Task description: Pictures excluded, copy every record that follows exactly as it appears.
-- -- --
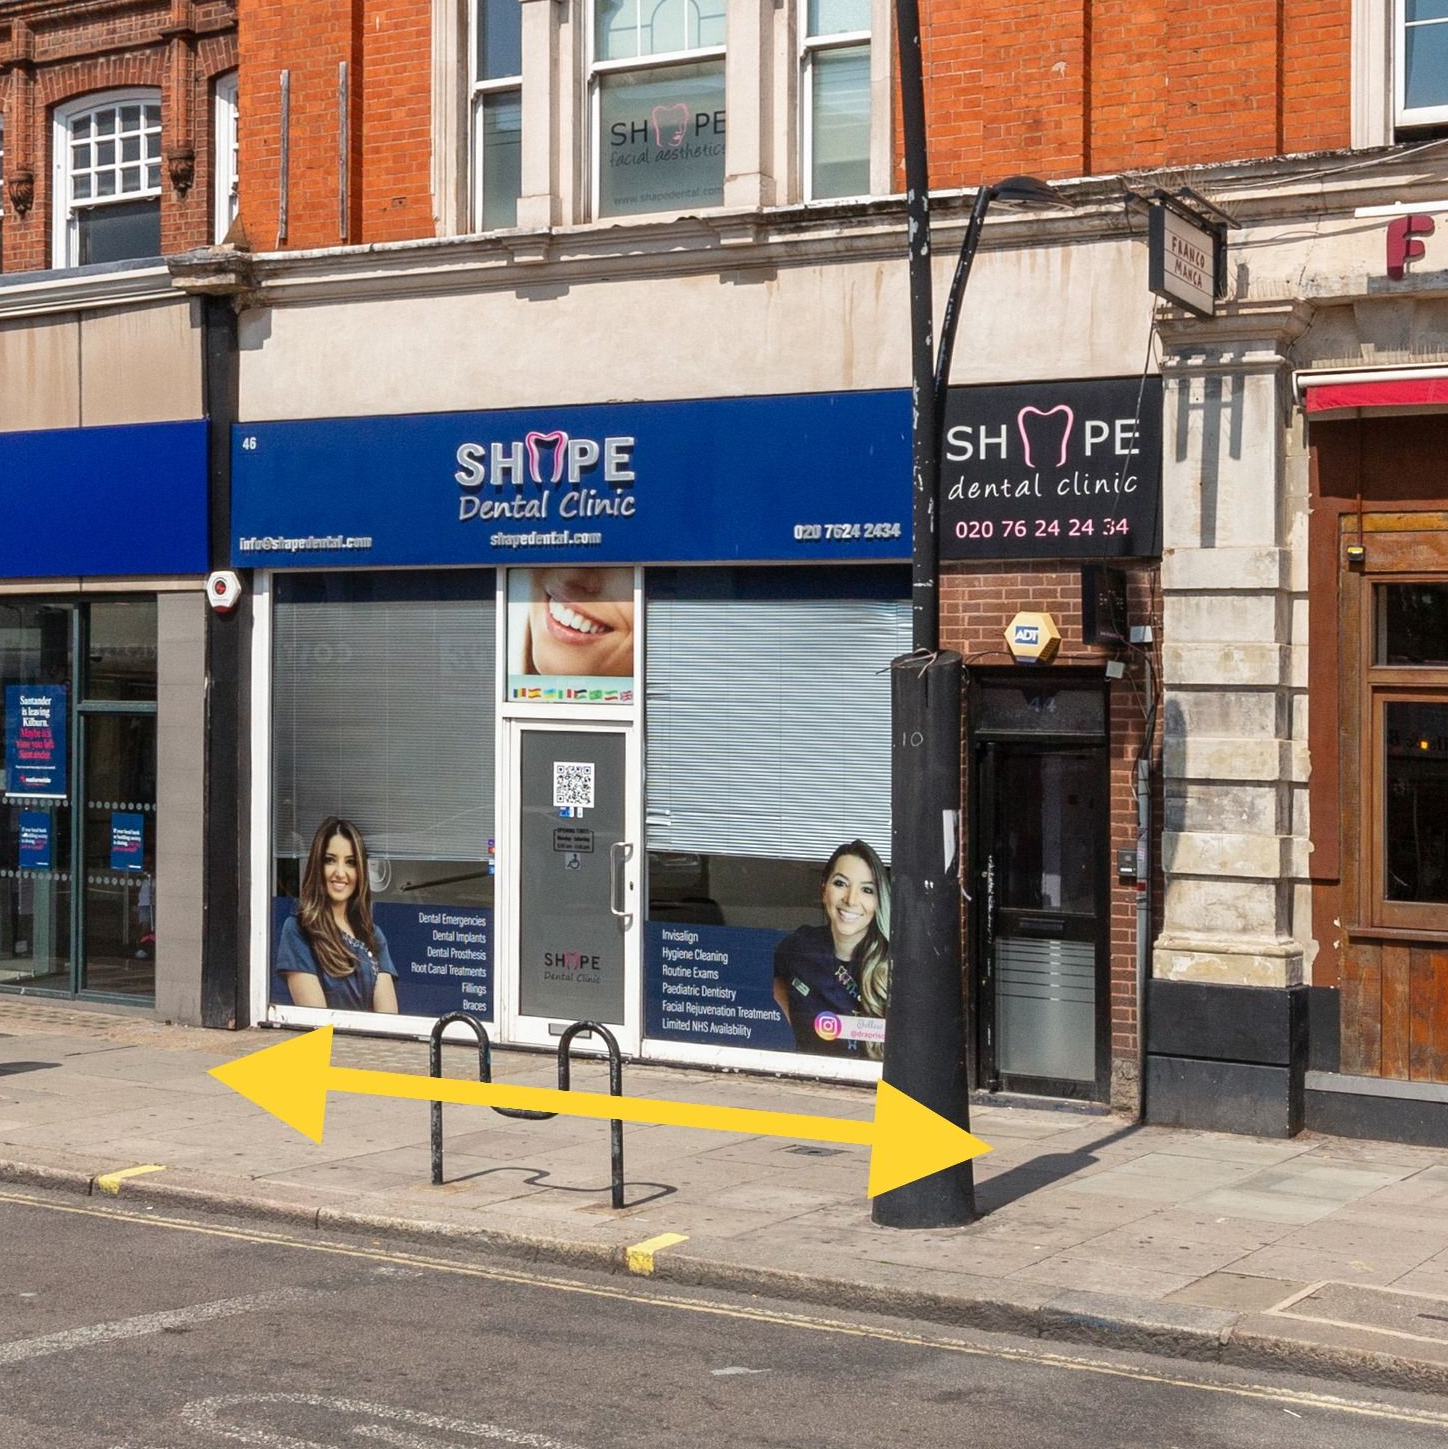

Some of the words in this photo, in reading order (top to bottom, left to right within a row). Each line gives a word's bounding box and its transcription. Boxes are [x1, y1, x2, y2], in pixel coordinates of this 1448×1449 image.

[1172, 236, 1206, 269] FRANCO
[1175, 258, 1203, 289] MANCA
[242, 437, 257, 450] 46
[948, 472, 1042, 500] dental
[1057, 470, 1138, 496] clinic
[458, 489, 550, 521] Dental
[559, 488, 636, 519] Clinic
[793, 523, 822, 540] 020
[823, 522, 861, 540] 7624
[863, 521, 902, 539] 2434
[955, 520, 994, 539] 020
[1001, 519, 1027, 538] 76
[1034, 519, 1061, 537] 24
[1067, 517, 1095, 536] 24
[1102, 517, 1130, 536] 34
[238, 535, 374, 553] info@shapedental.com
[490, 530, 603, 549] shapedental.com
[1015, 628, 1038, 643] ADT
[19, 695, 52, 706] Santander
[21, 707, 28, 716] is
[28, 706, 51, 718] leaving
[22, 717, 50, 727] Kilburn.
[418, 912, 441, 923] Dental
[442, 913, 487, 928] Emergencies
[432, 930, 455, 941] Dental
[456, 931, 487, 944] Implants
[662, 929, 699, 944] Invisalign
[427, 946, 450, 958] Dental
[450, 948, 487, 961] Prosthesis
[662, 947, 693, 961] Hygiene
[694, 948, 728, 965] Cleaning
[411, 962, 427, 973] Root
[428, 963, 448, 975] Canal
[449, 964, 487, 977] Treatments
[544, 971, 574, 982] Dental
[662, 964, 692, 978] Routine
[693, 967, 719, 980] Exams
[462, 982, 487, 996] Fillings
[662, 982, 700, 996] Paediatric
[701, 985, 737, 1002] Dentistry
[463, 999, 487, 1011] Braces
[662, 1000, 684, 1013] Facial
[686, 1002, 736, 1017] Rejuvenation
[737, 1006, 781, 1021] Treatments
[662, 1018, 691, 1031] Limited
[692, 1020, 709, 1033] NHS
[710, 1022, 752, 1039] Availability
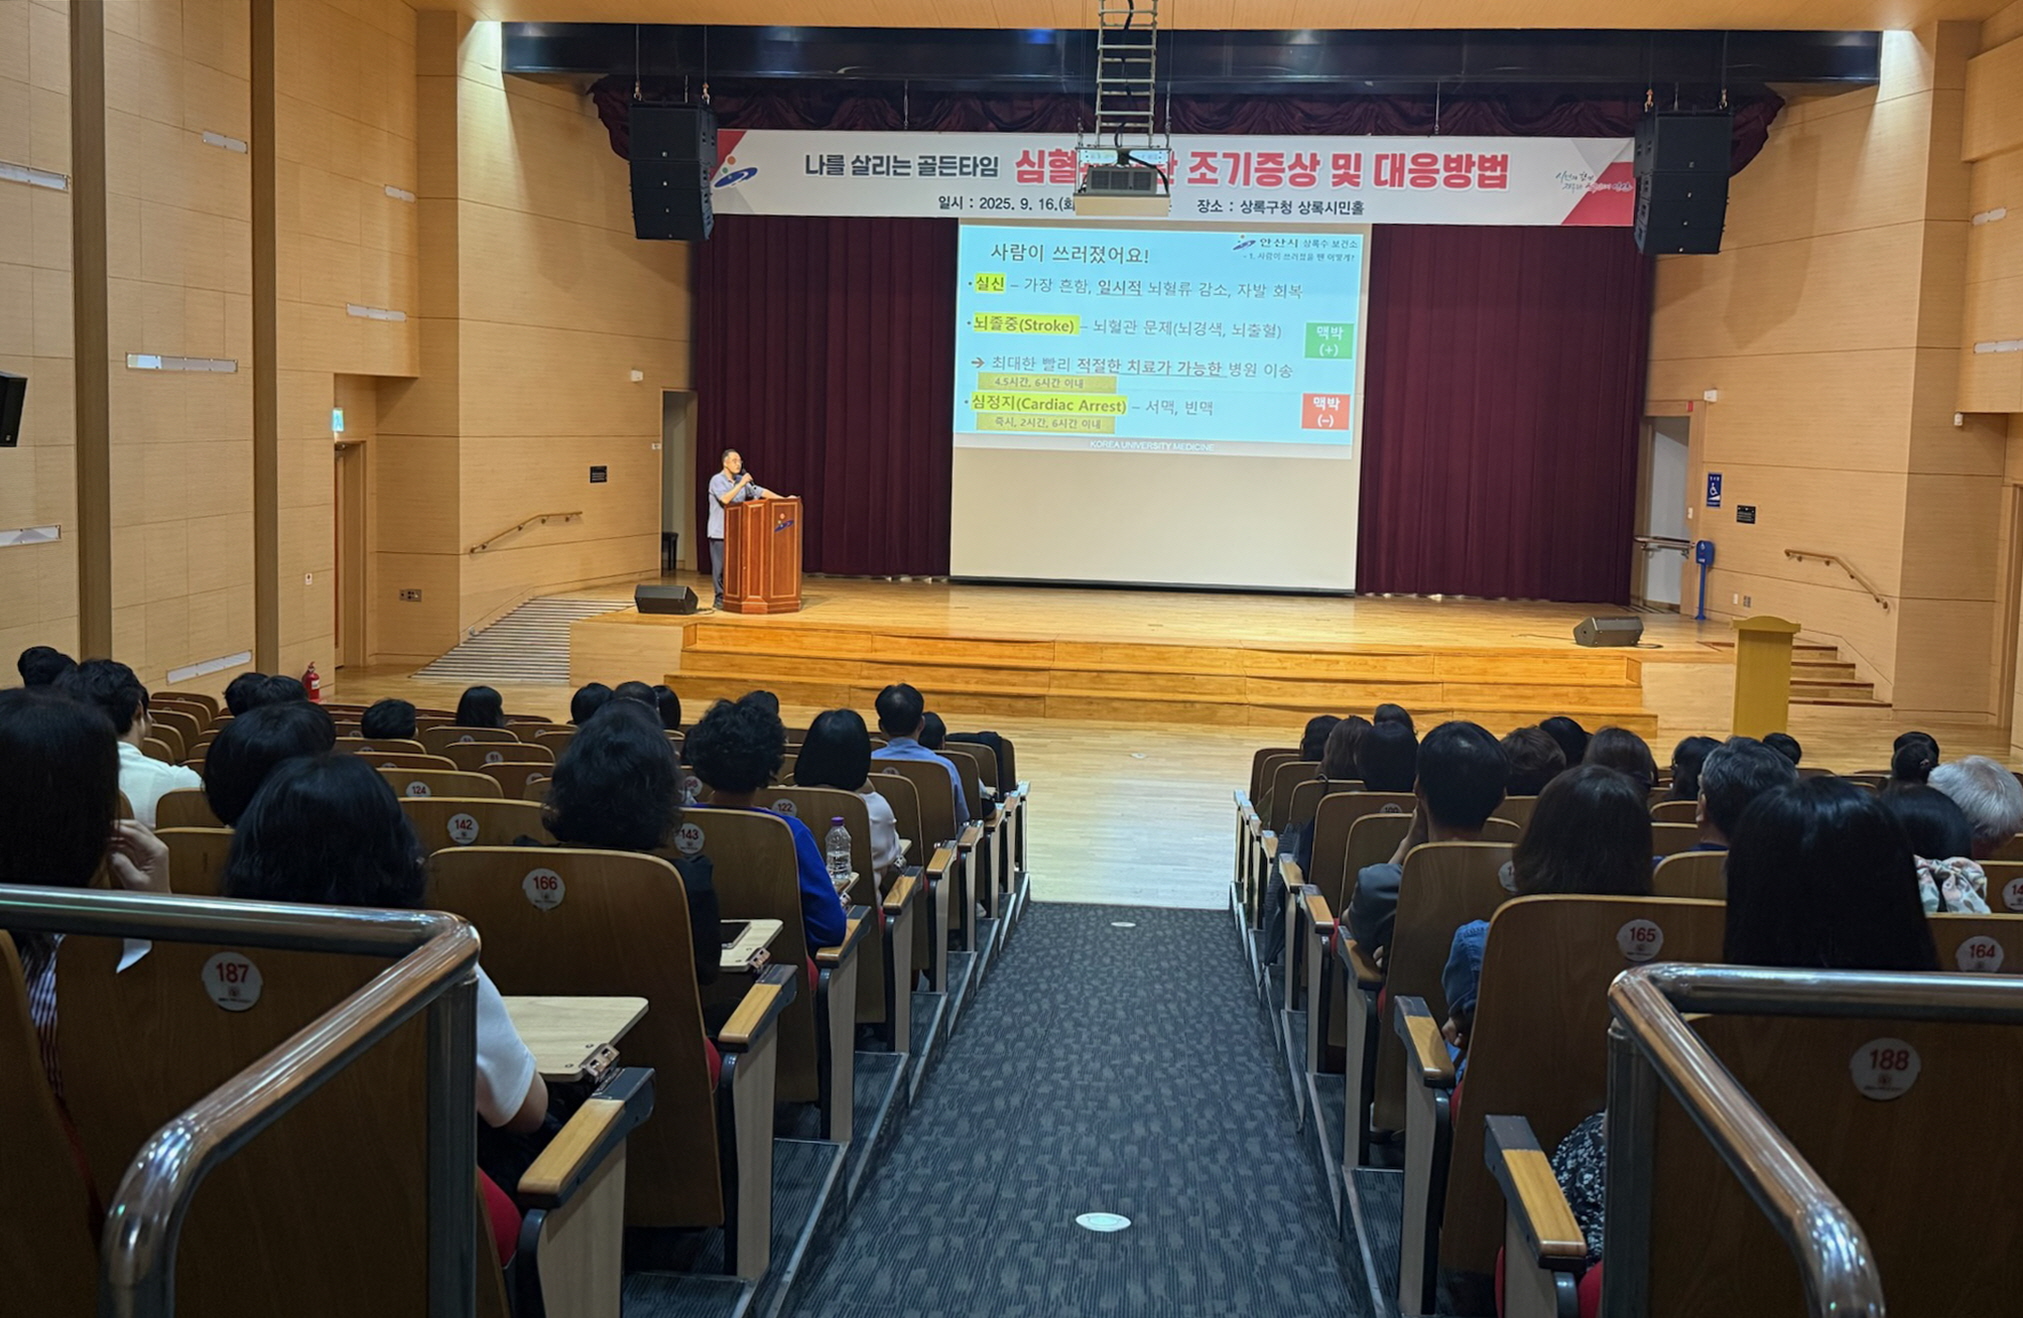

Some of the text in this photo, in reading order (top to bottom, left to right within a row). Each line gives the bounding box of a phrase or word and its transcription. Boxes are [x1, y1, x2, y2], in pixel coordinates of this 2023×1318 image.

[804, 153, 846, 177] 나를
[850, 154, 912, 177] 살리는
[917, 155, 1000, 178] 골든타임
[1187, 151, 1320, 187] 조기증상
[1331, 153, 1363, 189] 및
[1373, 153, 1510, 190] 대응방법
[938, 195, 964, 210] 일시
[979, 196, 1015, 212] 2025.
[1020, 197, 1034, 212] 9.
[1197, 199, 1224, 214] 장소
[1240, 200, 1293, 215] 상록구청
[1297, 200, 1365, 216] 상록시민홀
[1260, 238, 1299, 248] 안산시
[991, 243, 1149, 265] 사람이 쓰러졌어요!
[975, 276, 1005, 292] 실신
[1024, 278, 1053, 294] 가장
[1059, 279, 1092, 295] 흔함,
[1097, 279, 1142, 295] 일시적
[1148, 281, 1192, 298] 뇌혈류
[1199, 282, 1231, 298] 감소,
[1237, 283, 1267, 299] 자발
[1273, 284, 1303, 299] 회복
[974, 315, 1075, 335] 뇌졸중(Stroke)
[1093, 319, 1138, 335] 뇌혈관
[1143, 320, 1226, 338] 문제(뇌경색,
[1232, 322, 1282, 340] 뇌출혈)
[1316, 325, 1344, 341] 맥박
[1319, 344, 1339, 358] (+)
[992, 356, 1294, 379] 최대한 빨리 적절한 치료가 가능한 병원 이송
[994, 376, 1085, 390] 4.5시간, 6시간 이내
[972, 395, 1074, 412] 심정지(Cardiac
[1078, 399, 1127, 415] Arrest)
[1145, 400, 1178, 416] 서맥,
[1185, 401, 1214, 417] 빈맥
[1312, 396, 1341, 412] 맥박
[1020, 417, 1049, 429] 2시간,
[1051, 418, 1078, 430] 6시간
[1089, 439, 1215, 452] KOREA UNIVERSITY MEDICINE
[411, 785, 427, 795] 124
[777, 802, 793, 813] 122
[454, 819, 473, 831] 142
[680, 828, 699, 841] 143
[532, 875, 558, 890] 166
[2011, 884, 2023, 896] 14
[1629, 927, 1656, 942] 165
[1969, 943, 1996, 958] 164
[215, 961, 249, 983] 187
[1868, 1048, 1909, 1072] 188
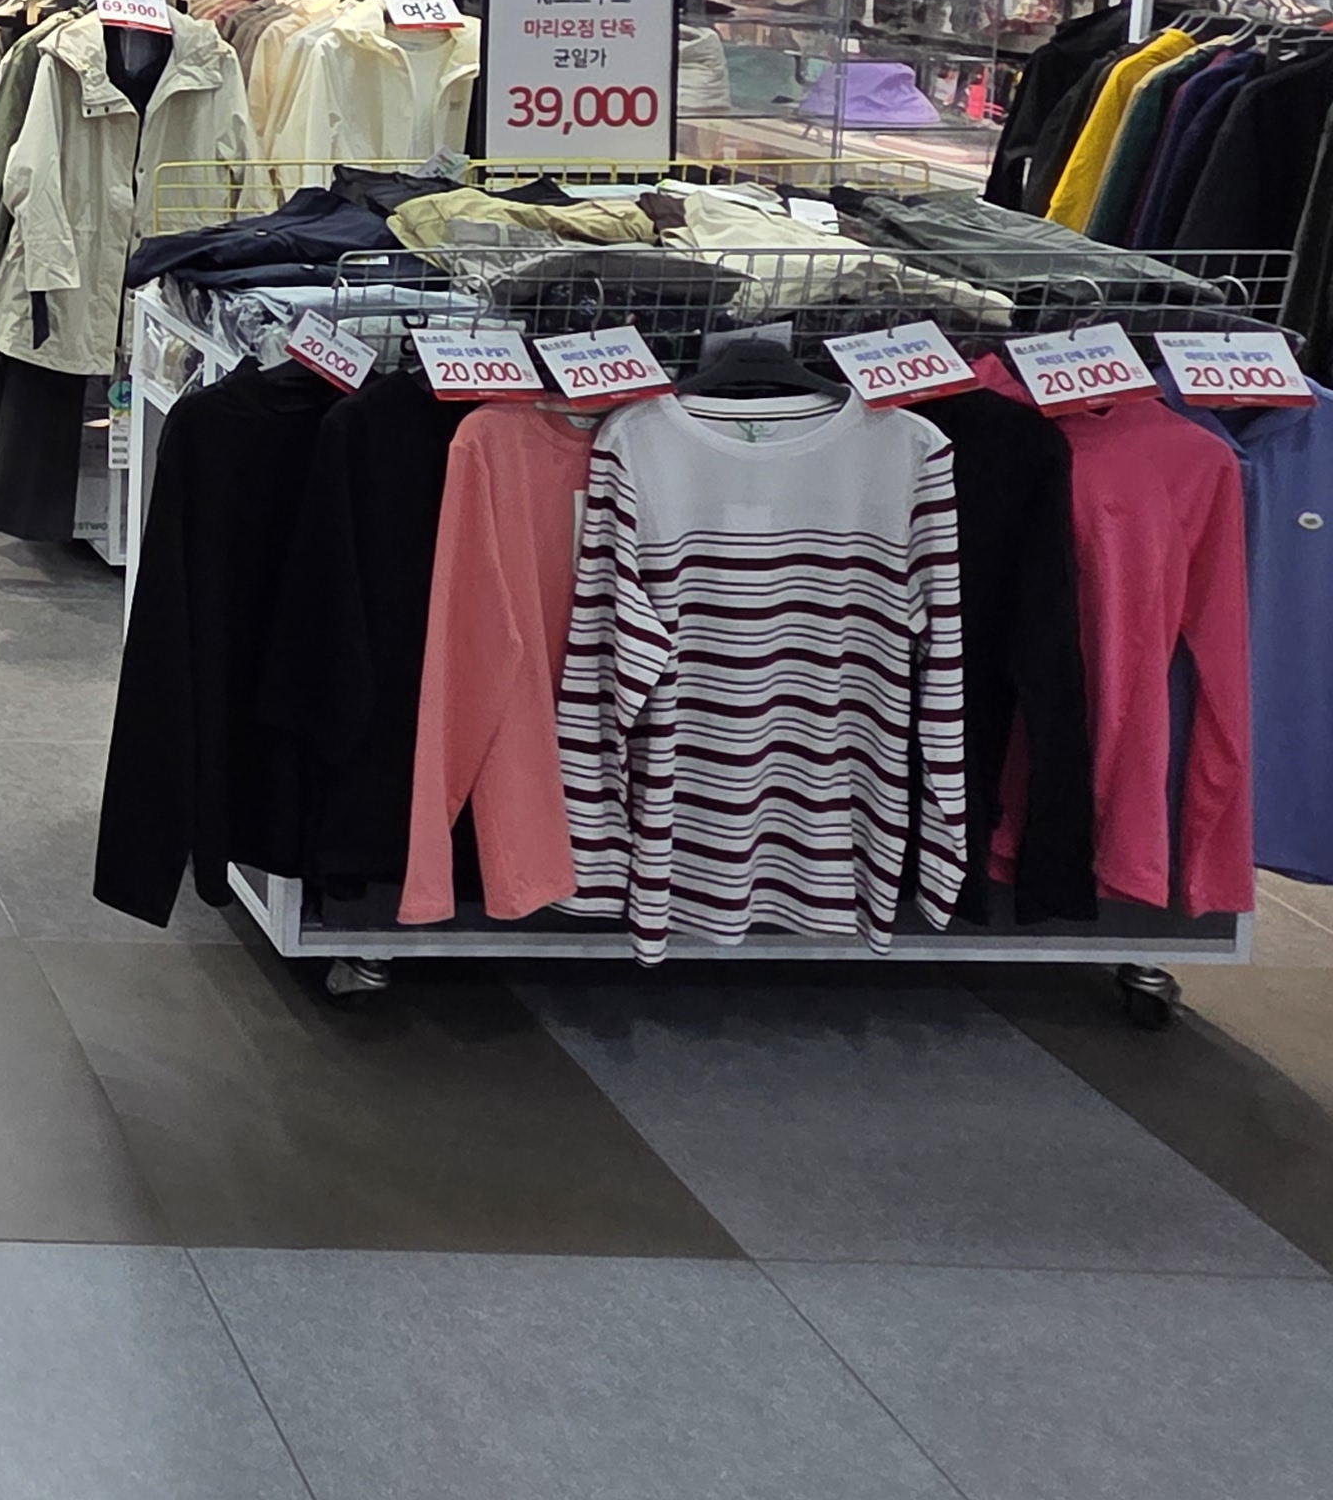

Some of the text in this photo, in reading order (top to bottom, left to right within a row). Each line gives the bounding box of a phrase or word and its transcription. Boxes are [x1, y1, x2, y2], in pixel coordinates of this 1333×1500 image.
-- -- --
Reply to the task:
Some of the words in this photo, in reading order (top to bottom, left to right within a row). Each line gives a word's bounding box and its transcription. Boxes are [x1, y1, x2, y2], in pixel coordinates of this 1448×1449 image.

[1172, 236, 1206, 269] FRANCO
[1175, 258, 1203, 289] MANCA
[242, 437, 257, 450] 46
[948, 472, 1042, 500] dental
[1057, 470, 1138, 496] clinic
[458, 489, 550, 521] Dental
[559, 488, 636, 519] Clinic
[793, 523, 822, 540] 020
[823, 522, 861, 540] 7624
[863, 521, 902, 539] 2434
[955, 520, 994, 539] 020
[1001, 519, 1027, 538] 76
[1034, 519, 1061, 537] 24
[1067, 517, 1095, 536] 24
[1102, 517, 1130, 536] 34
[238, 535, 374, 553] info@shapedental.com
[490, 530, 603, 549] shapedental.com
[1015, 628, 1038, 643] ADT
[19, 695, 52, 706] Santander
[21, 707, 28, 716] is
[28, 706, 51, 718] leaving
[22, 717, 50, 727] Kilburn.
[418, 912, 441, 923] Dental
[442, 913, 487, 928] Emergencies
[432, 930, 455, 941] Dental
[456, 931, 487, 944] Implants
[662, 929, 699, 944] Invisalign
[427, 946, 450, 958] Dental
[450, 948, 487, 961] Prosthesis
[662, 947, 693, 961] Hygiene
[694, 948, 728, 965] Cleaning
[411, 962, 427, 973] Root
[428, 963, 448, 975] Canal
[449, 964, 487, 977] Treatments
[544, 971, 574, 982] Dental
[662, 964, 692, 978] Routine
[693, 967, 719, 980] Exams
[462, 982, 487, 996] Fillings
[662, 982, 700, 996] Paediatric
[701, 985, 737, 1002] Dentistry
[463, 999, 487, 1011] Braces
[662, 1000, 684, 1013] Facial
[686, 1002, 736, 1017] Rejuvenation
[737, 1006, 781, 1021] Treatments
[662, 1018, 691, 1031] Limited
[692, 1020, 709, 1033] NHS
[710, 1022, 752, 1039] Availability

Some of the text in this photo, in reading order (top to bottom, left to right within a row). Each line gives the bounding box of a phrase or word and its transcription. Boxes are [x1, y1, x2, y2], in pixel coordinates of this 2023×1318 image.

[804, 153, 846, 177] 나를
[850, 154, 912, 177] 살리는
[917, 155, 1000, 178] 골든타임
[1187, 151, 1320, 187] 조기증상
[1331, 153, 1363, 189] 및
[1373, 153, 1510, 190] 대응방법
[938, 195, 964, 210] 일시
[979, 196, 1015, 212] 2025.
[1020, 197, 1034, 212] 9.
[1197, 199, 1224, 214] 장소
[1240, 200, 1293, 215] 상록구청
[1297, 200, 1365, 216] 상록시민홀
[1260, 238, 1299, 248] 안산시
[991, 243, 1149, 265] 사람이 쓰러졌어요!
[975, 276, 1005, 292] 실신
[1024, 278, 1053, 294] 가장
[1059, 279, 1092, 295] 흔함,
[1097, 279, 1142, 295] 일시적
[1148, 281, 1192, 298] 뇌혈류
[1199, 282, 1231, 298] 감소,
[1237, 283, 1267, 299] 자발
[1273, 284, 1303, 299] 회복
[974, 315, 1075, 335] 뇌졸중(Stroke)
[1093, 319, 1138, 335] 뇌혈관
[1143, 320, 1226, 338] 문제(뇌경색,
[1232, 322, 1282, 340] 뇌출혈)
[1316, 325, 1344, 341] 맥박
[1319, 344, 1339, 358] (+)
[992, 356, 1294, 379] 최대한 빨리 적절한 치료가 가능한 병원 이송
[994, 376, 1085, 390] 4.5시간, 6시간 이내
[972, 395, 1074, 412] 심정지(Cardiac
[1078, 399, 1127, 415] Arrest)
[1145, 400, 1178, 416] 서맥,
[1185, 401, 1214, 417] 빈맥
[1312, 396, 1341, 412] 맥박
[1020, 417, 1049, 429] 2시간,
[1051, 418, 1078, 430] 6시간
[1089, 439, 1215, 452] KOREA UNIVERSITY MEDICINE
[411, 785, 427, 795] 124
[777, 802, 793, 813] 122
[454, 819, 473, 831] 142
[680, 828, 699, 841] 143
[532, 875, 558, 890] 166
[2011, 884, 2023, 896] 14
[1629, 927, 1656, 942] 165
[1969, 943, 1996, 958] 164
[215, 961, 249, 983] 187
[1868, 1048, 1909, 1072] 188

Some of the text in this photo, in reading order (top to bottom, left to right within a row). Each line gives the bounding box of a phrase or word and its transcription. Boxes are [x1, y1, x2, y2], in pixel coordinates of this 1333×1500 image.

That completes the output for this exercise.